Verbatim copy, images excluded: write out each record shown below.

[EXTRACTED DATA]

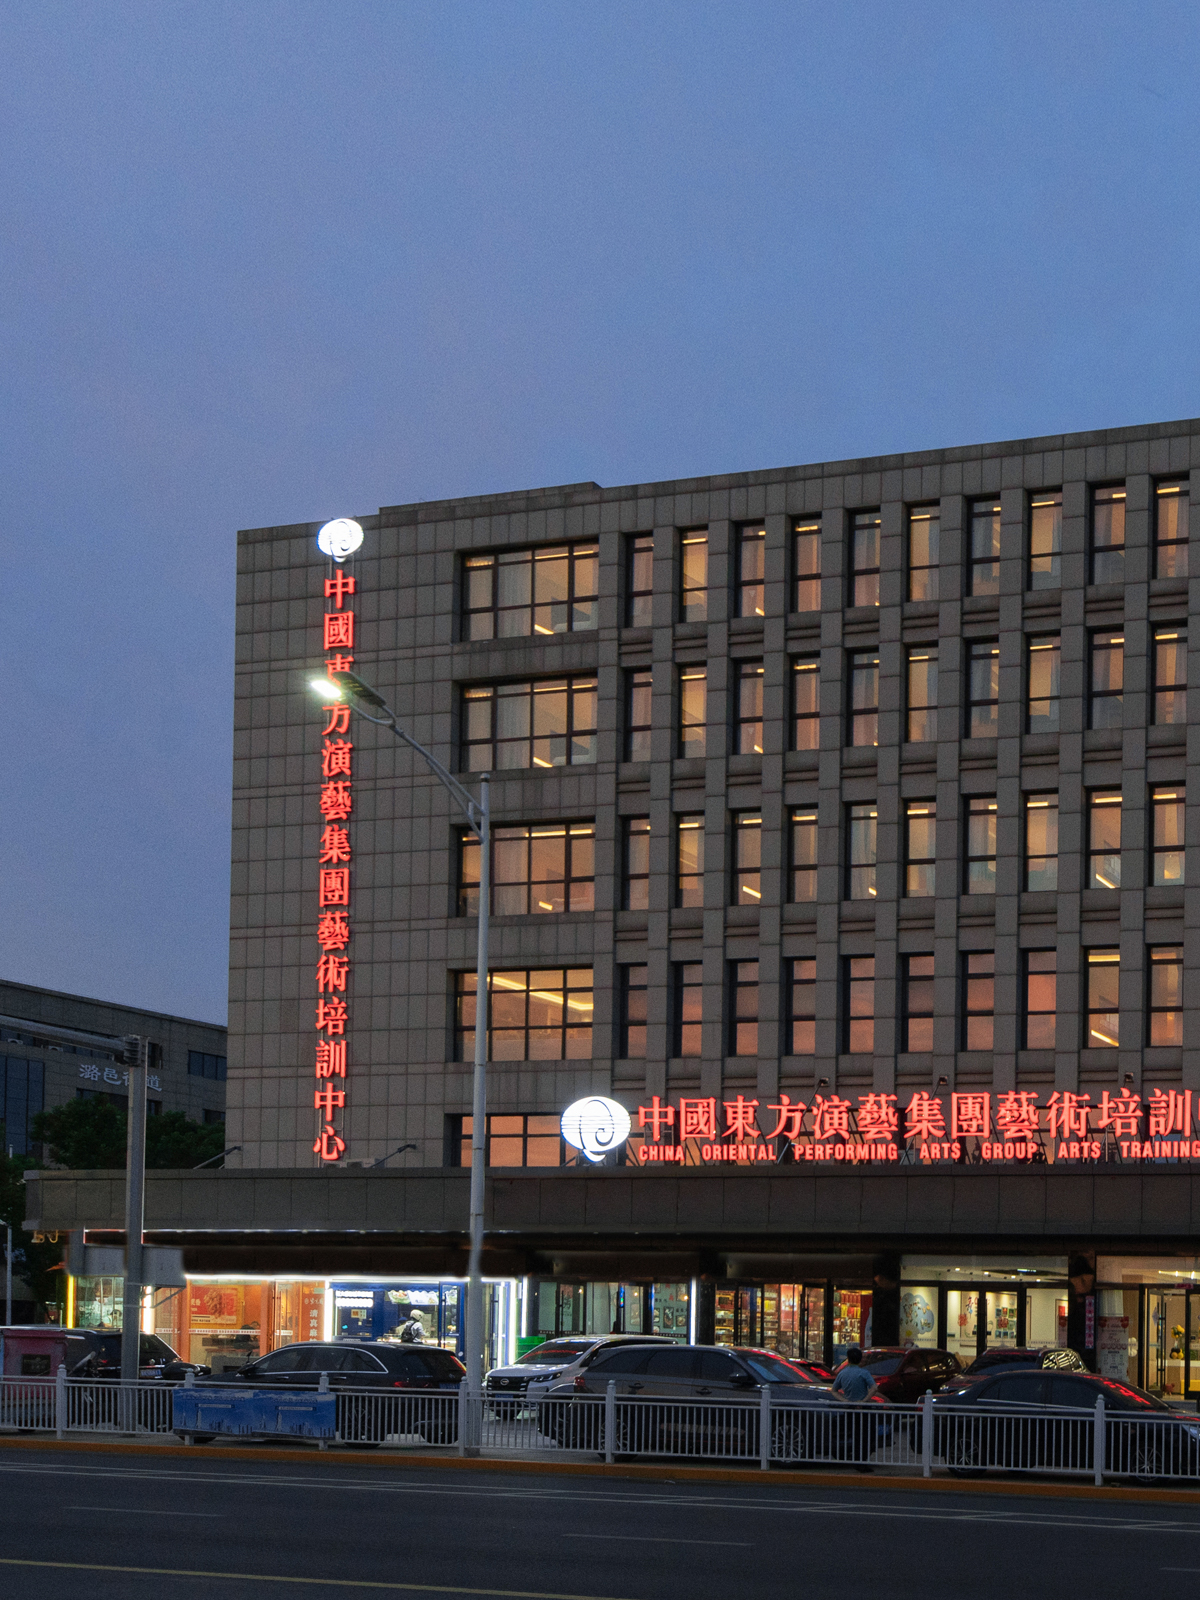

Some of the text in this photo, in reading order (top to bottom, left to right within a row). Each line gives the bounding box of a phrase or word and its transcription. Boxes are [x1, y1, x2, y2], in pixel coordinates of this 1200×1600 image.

[639, 1145, 685, 1161] CHINA
[701, 1144, 776, 1161] ORIENTAL
[794, 1143, 898, 1160] PERFORMING
[919, 1142, 961, 1159] ARTS
[981, 1142, 1038, 1159] GROUP
[1058, 1141, 1101, 1159] ARTS
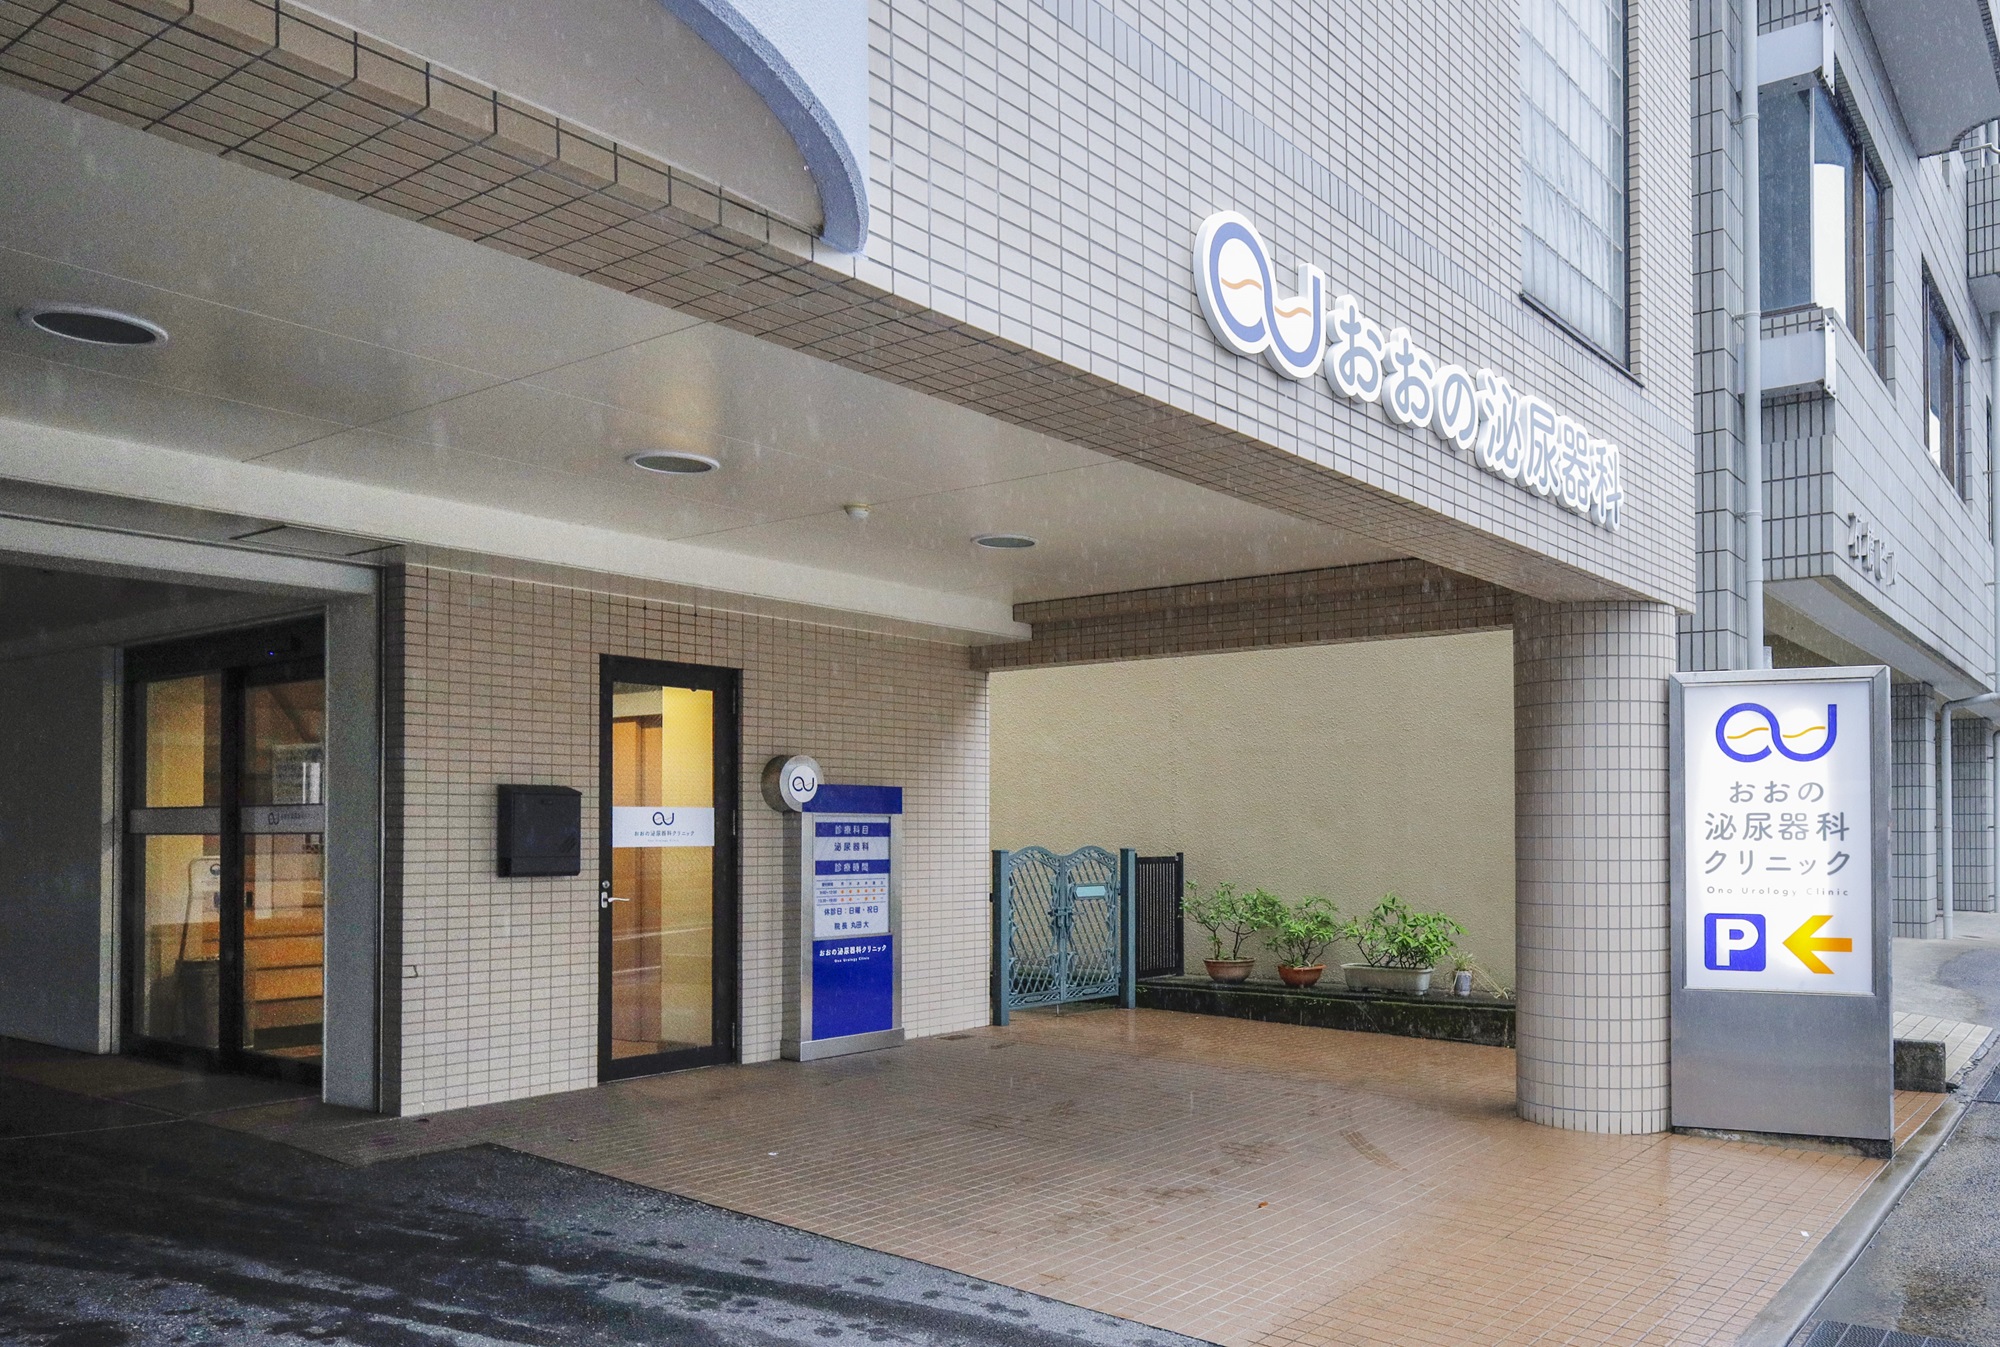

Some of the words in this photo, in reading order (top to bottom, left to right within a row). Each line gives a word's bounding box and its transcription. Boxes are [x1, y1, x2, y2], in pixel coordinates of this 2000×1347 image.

[1337, 303, 1624, 530] おおの泌尿器科
[1729, 780, 1824, 803] おおの
[834, 825, 869, 835] 診療科目
[1704, 811, 1850, 842] 泌尿器科
[834, 842, 869, 852] 泌尿器科
[834, 862, 869, 873] 診療時間
[1704, 850, 1850, 876] クリニック
[1706, 886, 1733, 895] Ono
[1741, 886, 1798, 897] Urology
[1805, 887, 1849, 897] Clinic
[819, 944, 887, 957] おおの泌尿器科クリニック
[1715, 918, 1759, 966] P

[/EXTRACTED DATA]

WRITTEN ANSWER:
Some of the text in this photo, in reading order (top to bottom, left to right within a row). Each line gives the bounding box of a phrase or word and its transcription. Boxes are [x1, y1, x2, y2], in pixel coordinates of this 1200×1600 image.

[639, 1145, 685, 1161] CHINA
[701, 1144, 776, 1161] ORIENTAL
[794, 1143, 898, 1160] PERFORMING
[919, 1142, 961, 1159] ARTS
[981, 1142, 1038, 1159] GROUP
[1058, 1141, 1101, 1159] ARTS

Some of the words in this photo, in reading order (top to bottom, left to right within a row). Each line gives a word's bounding box and its transcription. Boxes are [x1, y1, x2, y2], in pixel coordinates of this 2000×1347 image.

[1337, 303, 1624, 530] おおの泌尿器科
[1729, 780, 1824, 803] おおの
[834, 825, 869, 835] 診療科目
[1704, 811, 1850, 842] 泌尿器科
[834, 842, 869, 852] 泌尿器科
[834, 862, 869, 873] 診療時間
[1704, 850, 1850, 876] クリニック
[1706, 886, 1733, 895] Ono
[1741, 886, 1798, 897] Urology
[1805, 887, 1849, 897] Clinic
[819, 944, 887, 957] おおの泌尿器科クリニック
[1715, 918, 1759, 966] P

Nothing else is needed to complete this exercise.